YOUR INSTRUCTIONS. Find the line that contains "this 960×1280 image." in the entries below. Write out that line and all that follow it, unchanged and alone.

RECORDS FOR THIS EXERCISE.
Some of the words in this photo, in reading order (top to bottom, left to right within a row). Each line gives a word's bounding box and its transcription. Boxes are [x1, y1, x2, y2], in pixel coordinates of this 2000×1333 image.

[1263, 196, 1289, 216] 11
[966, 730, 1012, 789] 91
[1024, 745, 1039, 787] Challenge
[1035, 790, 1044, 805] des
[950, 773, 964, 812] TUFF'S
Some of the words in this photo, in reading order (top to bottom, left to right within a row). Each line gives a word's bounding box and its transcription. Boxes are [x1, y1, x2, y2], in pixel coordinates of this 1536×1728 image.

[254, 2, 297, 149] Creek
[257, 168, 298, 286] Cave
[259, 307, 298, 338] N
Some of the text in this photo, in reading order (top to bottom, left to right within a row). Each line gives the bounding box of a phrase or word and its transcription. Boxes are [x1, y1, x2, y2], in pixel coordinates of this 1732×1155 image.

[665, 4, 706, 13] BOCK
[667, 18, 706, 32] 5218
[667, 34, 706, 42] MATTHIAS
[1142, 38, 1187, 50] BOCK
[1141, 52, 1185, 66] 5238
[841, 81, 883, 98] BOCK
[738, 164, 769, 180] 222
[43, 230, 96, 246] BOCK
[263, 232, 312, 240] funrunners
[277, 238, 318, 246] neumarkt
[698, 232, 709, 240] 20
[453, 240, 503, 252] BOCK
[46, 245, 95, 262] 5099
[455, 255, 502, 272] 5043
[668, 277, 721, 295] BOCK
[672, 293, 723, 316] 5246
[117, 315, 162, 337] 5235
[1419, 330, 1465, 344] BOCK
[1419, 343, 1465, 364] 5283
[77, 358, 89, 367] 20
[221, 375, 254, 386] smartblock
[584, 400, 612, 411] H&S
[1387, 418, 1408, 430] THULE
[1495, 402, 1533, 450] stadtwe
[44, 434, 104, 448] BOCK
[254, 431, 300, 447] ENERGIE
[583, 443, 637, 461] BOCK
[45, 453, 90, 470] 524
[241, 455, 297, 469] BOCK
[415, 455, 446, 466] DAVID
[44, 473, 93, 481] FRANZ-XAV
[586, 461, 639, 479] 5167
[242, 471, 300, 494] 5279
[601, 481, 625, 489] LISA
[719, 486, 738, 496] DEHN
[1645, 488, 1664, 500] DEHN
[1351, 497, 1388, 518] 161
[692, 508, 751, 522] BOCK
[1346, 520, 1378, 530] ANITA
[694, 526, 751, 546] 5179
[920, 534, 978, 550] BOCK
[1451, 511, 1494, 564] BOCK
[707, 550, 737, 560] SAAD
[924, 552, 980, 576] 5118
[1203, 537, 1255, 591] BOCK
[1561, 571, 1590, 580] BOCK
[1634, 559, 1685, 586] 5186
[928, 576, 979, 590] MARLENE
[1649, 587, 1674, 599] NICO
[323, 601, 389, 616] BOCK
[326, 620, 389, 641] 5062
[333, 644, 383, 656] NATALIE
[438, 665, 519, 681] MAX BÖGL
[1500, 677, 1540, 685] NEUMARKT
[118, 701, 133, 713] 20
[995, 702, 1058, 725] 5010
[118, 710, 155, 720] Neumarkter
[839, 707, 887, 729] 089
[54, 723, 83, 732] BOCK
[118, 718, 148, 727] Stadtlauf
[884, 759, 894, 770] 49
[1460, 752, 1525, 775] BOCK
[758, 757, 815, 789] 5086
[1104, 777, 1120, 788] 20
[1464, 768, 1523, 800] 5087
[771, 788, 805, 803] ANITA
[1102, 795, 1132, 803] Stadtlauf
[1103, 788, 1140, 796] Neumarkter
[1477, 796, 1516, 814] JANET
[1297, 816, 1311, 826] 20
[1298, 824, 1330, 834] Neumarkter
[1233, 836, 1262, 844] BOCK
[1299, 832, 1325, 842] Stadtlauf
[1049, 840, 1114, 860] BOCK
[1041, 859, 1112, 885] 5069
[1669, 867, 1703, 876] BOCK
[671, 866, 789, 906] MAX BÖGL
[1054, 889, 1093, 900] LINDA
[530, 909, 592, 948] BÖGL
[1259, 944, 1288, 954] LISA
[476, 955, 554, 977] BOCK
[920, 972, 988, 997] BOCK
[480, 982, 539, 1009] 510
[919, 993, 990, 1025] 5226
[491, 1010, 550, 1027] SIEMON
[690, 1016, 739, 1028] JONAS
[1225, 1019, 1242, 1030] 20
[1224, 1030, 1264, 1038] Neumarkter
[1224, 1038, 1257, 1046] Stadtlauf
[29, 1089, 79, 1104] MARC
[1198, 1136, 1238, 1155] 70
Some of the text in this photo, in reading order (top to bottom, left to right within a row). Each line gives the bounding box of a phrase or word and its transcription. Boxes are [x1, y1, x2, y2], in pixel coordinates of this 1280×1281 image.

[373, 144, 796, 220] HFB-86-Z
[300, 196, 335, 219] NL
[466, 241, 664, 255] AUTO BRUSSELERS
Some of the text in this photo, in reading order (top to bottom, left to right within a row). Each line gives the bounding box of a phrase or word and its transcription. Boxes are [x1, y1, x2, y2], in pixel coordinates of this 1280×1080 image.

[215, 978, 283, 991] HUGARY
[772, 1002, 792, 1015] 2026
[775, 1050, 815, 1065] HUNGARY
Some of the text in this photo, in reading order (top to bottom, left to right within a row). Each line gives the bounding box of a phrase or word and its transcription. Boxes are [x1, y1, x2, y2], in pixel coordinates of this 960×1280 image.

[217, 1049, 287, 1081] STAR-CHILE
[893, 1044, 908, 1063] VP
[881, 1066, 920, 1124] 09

WORKED SOLUTION.
Some of the text in this photo, in reading order (top to bottom, left to right within a row). Each line gives the bounding box of a phrase or word and its transcription. Boxes are [x1, y1, x2, y2], in pixel coordinates of this 960×1280 image.

[217, 1049, 287, 1081] STAR-CHILE
[893, 1044, 908, 1063] VP
[881, 1066, 920, 1124] 09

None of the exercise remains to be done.